INSTRUCTIONS TO FOLLOW —
If a record contains an image, leave the image out and repeat everything else exactly.

RECORDS TO PROCESS —
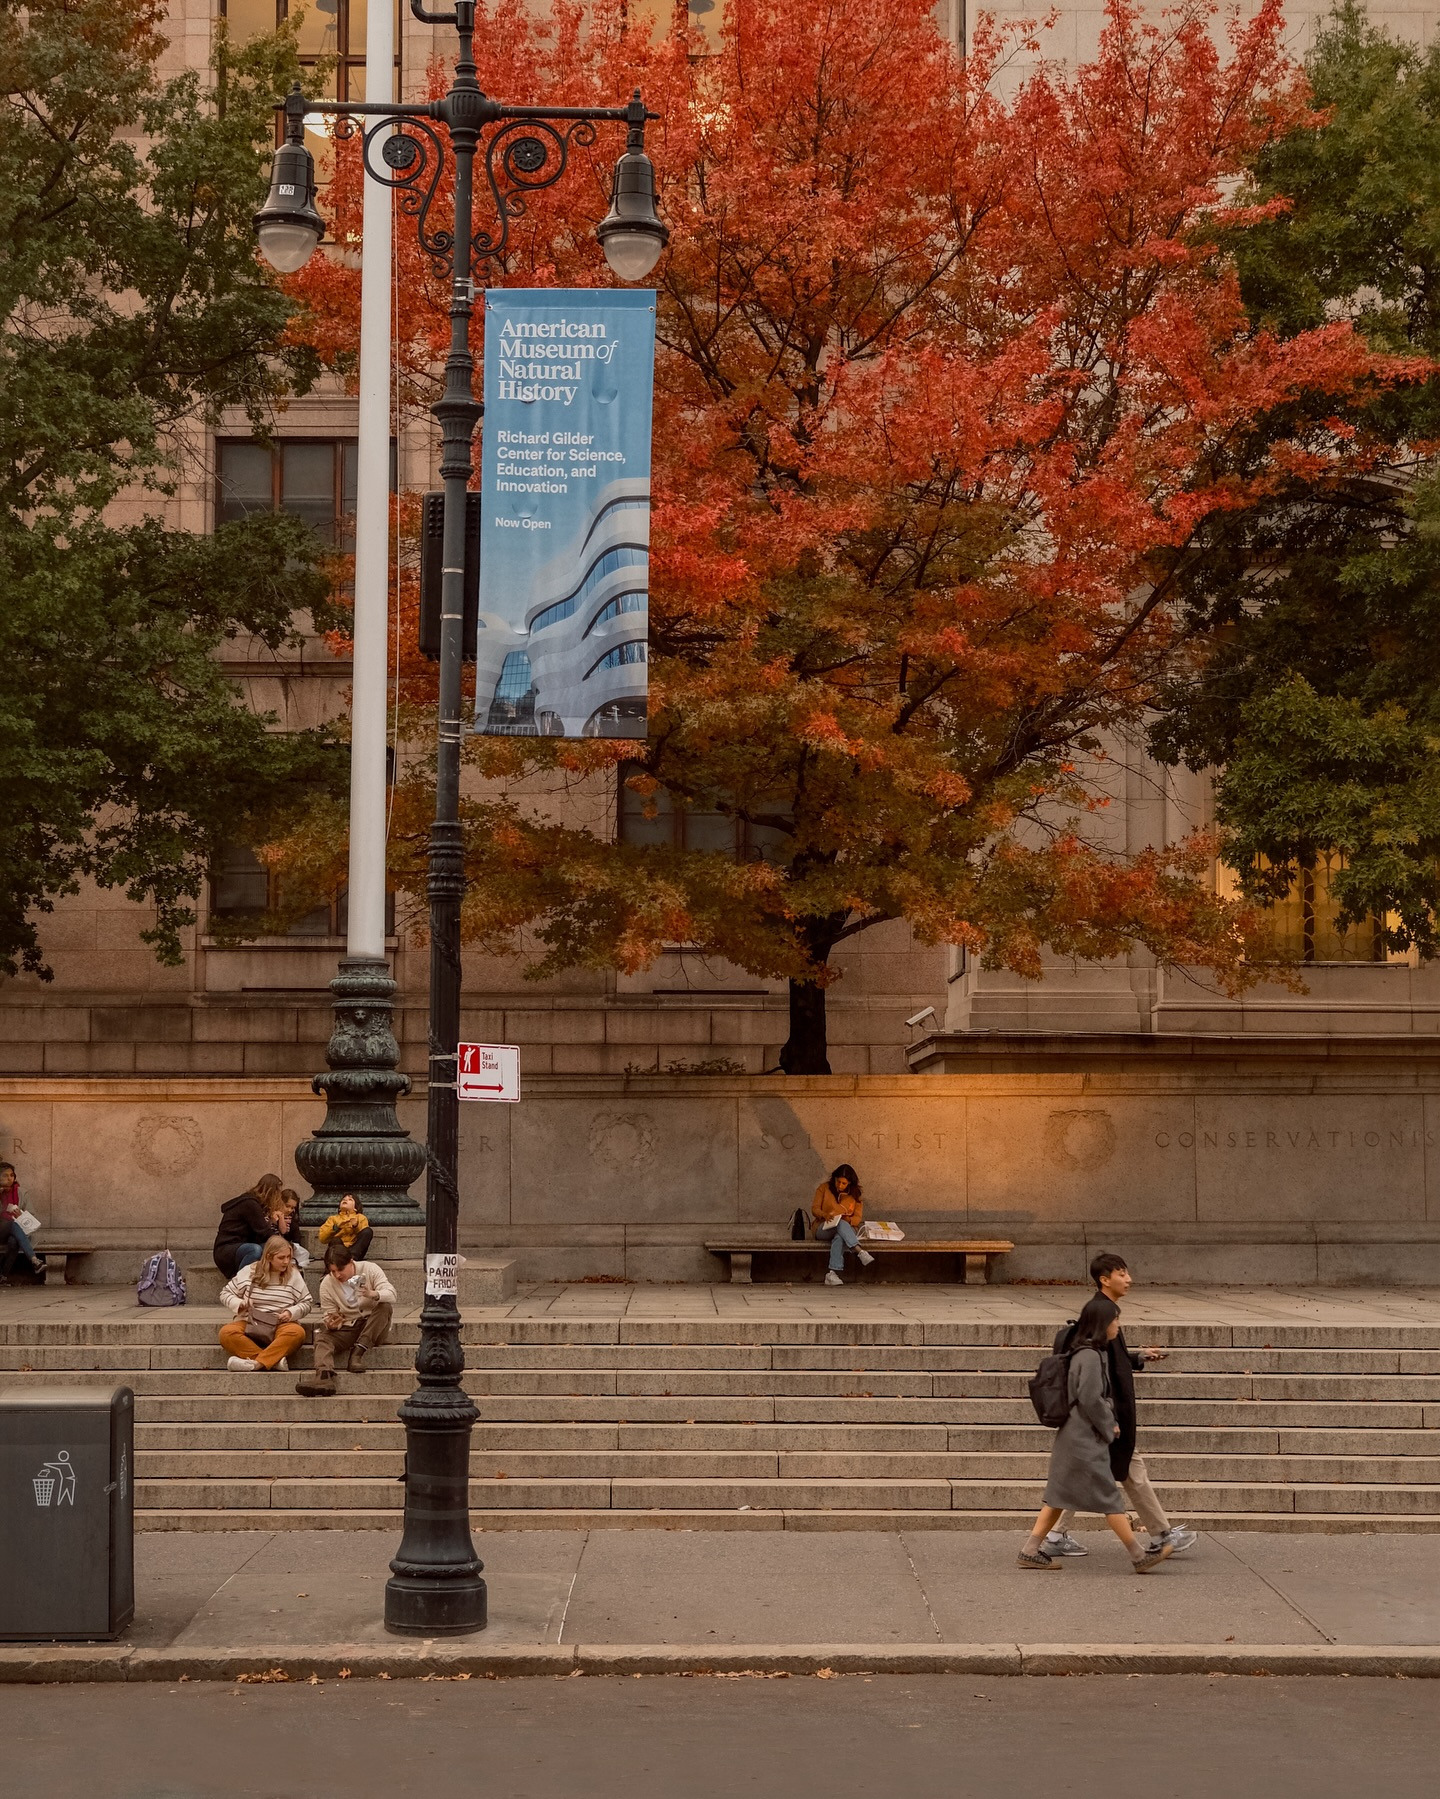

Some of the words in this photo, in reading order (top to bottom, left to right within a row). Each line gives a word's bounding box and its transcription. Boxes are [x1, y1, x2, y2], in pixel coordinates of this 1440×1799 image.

[499, 319, 606, 338] American
[499, 339, 595, 359] Museum
[596, 340, 619, 364] of
[499, 360, 581, 380] Natural
[498, 380, 578, 406] History
[498, 430, 549, 445] Richard
[552, 431, 594, 445] Gilder
[497, 447, 544, 461] Center
[546, 447, 566, 461] for
[569, 449, 626, 464] Science,
[496, 463, 568, 480] Education,
[571, 464, 597, 478] and
[496, 479, 568, 493] Innovation
[495, 517, 520, 528] Now
[522, 518, 551, 530] Open
[481, 1051, 494, 1061] Taxi
[481, 1061, 499, 1070] Stand
[760, 1133, 947, 1150] SCIENTIST
[1154, 1131, 1435, 1149] CONSERVATIONIS
[444, 1256, 457, 1266] NO
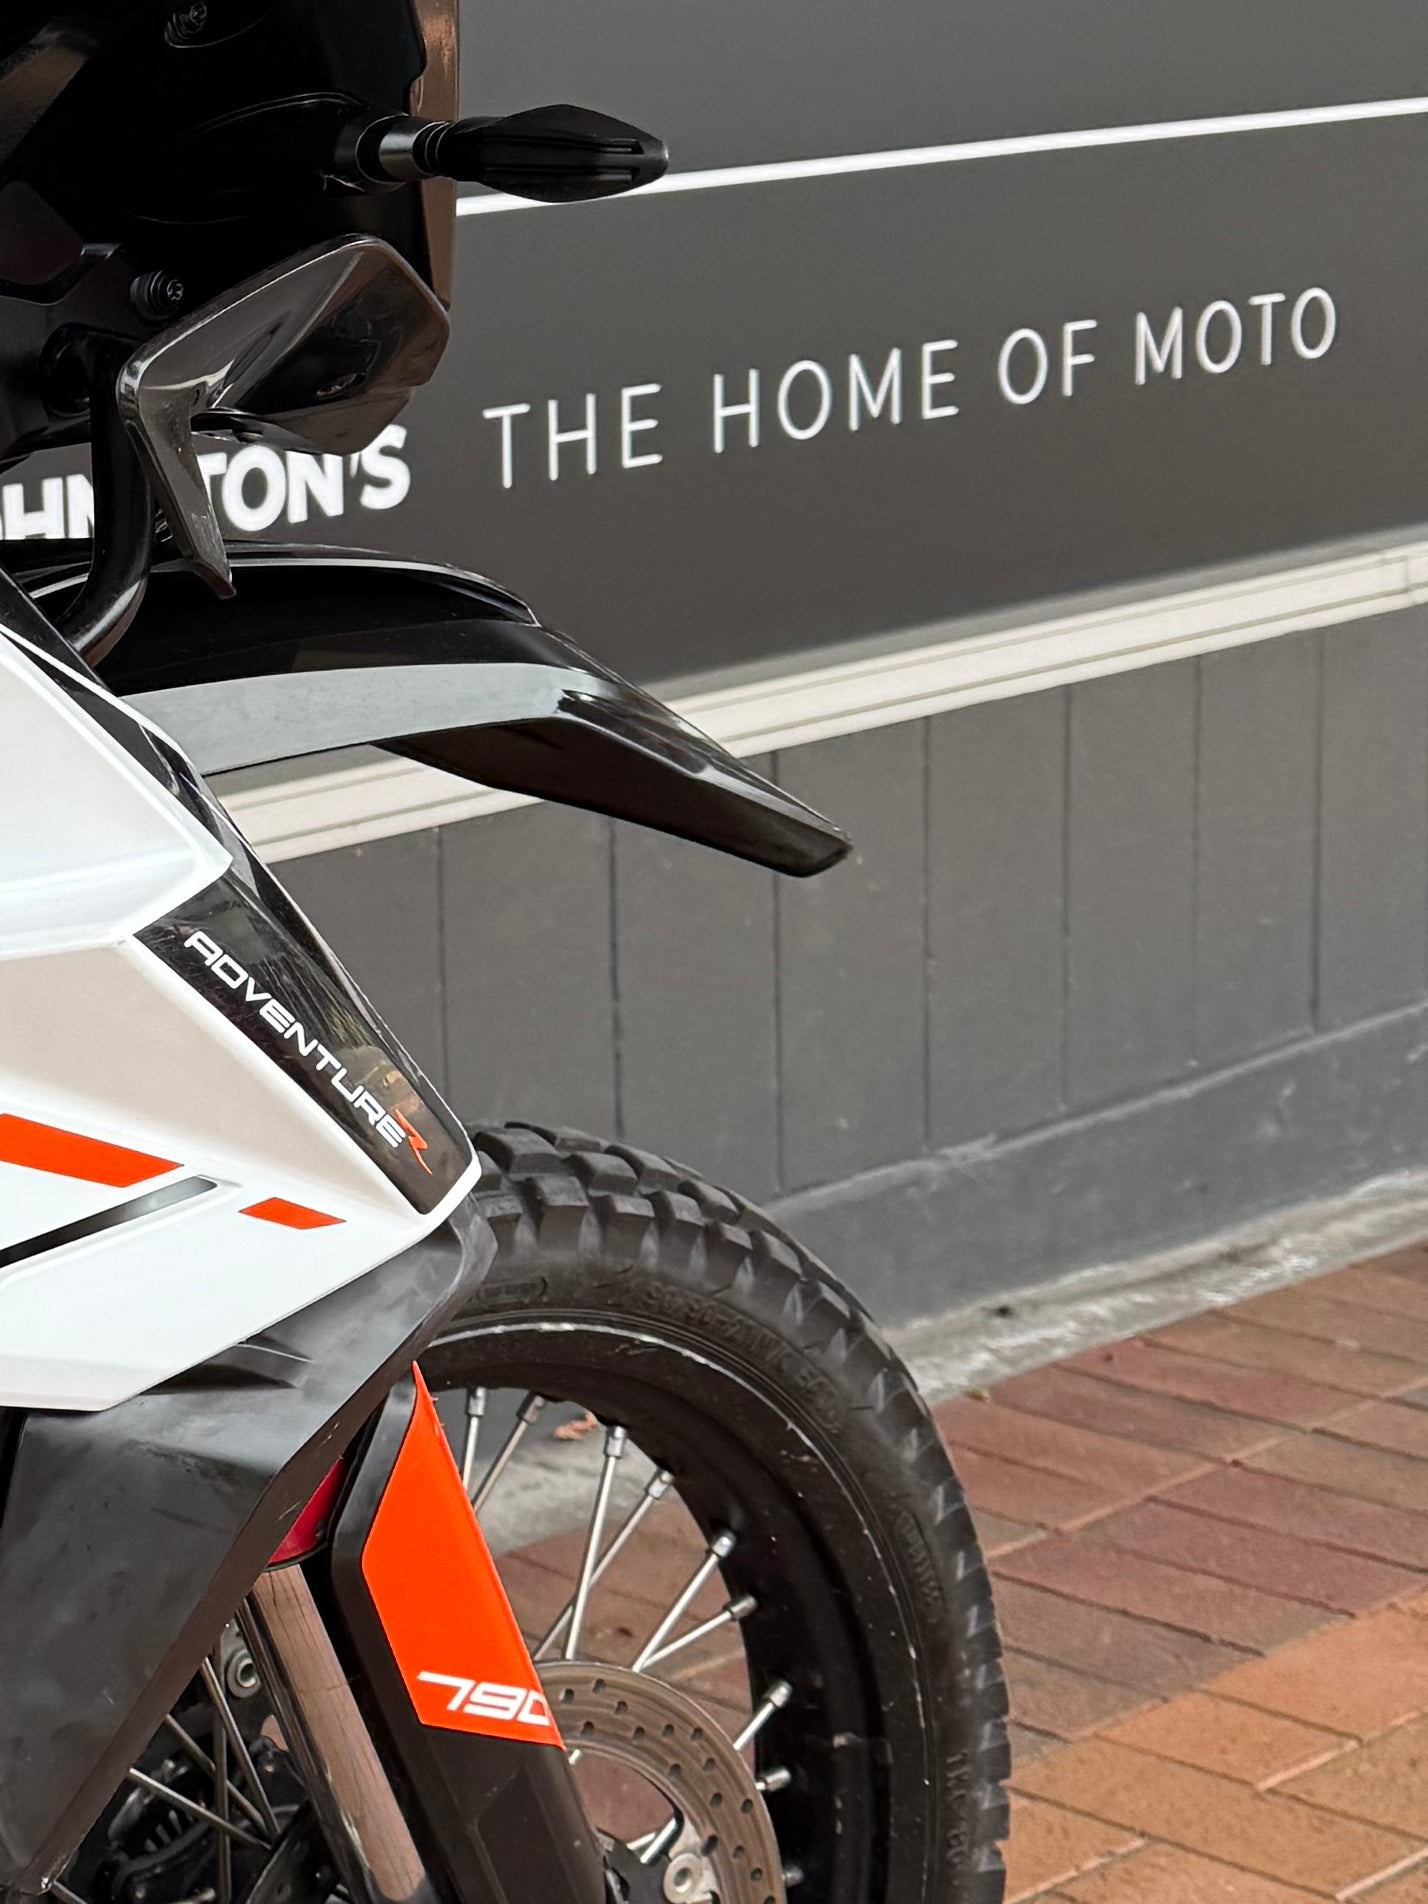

REPLY —
Some of the words in this photo, in reading order (top to bottom, left to right within a row). Each line gives a word's bounding box and its transcription. Boxes are [x1, y1, x2, y2], in pixel coordinates of this 1440×1799 image.

[499, 319, 606, 338] American
[499, 339, 595, 359] Museum
[596, 340, 619, 364] of
[499, 360, 581, 380] Natural
[498, 380, 578, 406] History
[498, 430, 549, 445] Richard
[552, 431, 594, 445] Gilder
[497, 447, 544, 461] Center
[546, 447, 566, 461] for
[569, 449, 626, 464] Science,
[496, 463, 568, 480] Education,
[571, 464, 597, 478] and
[496, 479, 568, 493] Innovation
[495, 517, 520, 528] Now
[522, 518, 551, 530] Open
[481, 1051, 494, 1061] Taxi
[481, 1061, 499, 1070] Stand
[760, 1133, 947, 1150] SCIENTIST
[1154, 1131, 1435, 1149] CONSERVATIONIS
[444, 1256, 457, 1266] NO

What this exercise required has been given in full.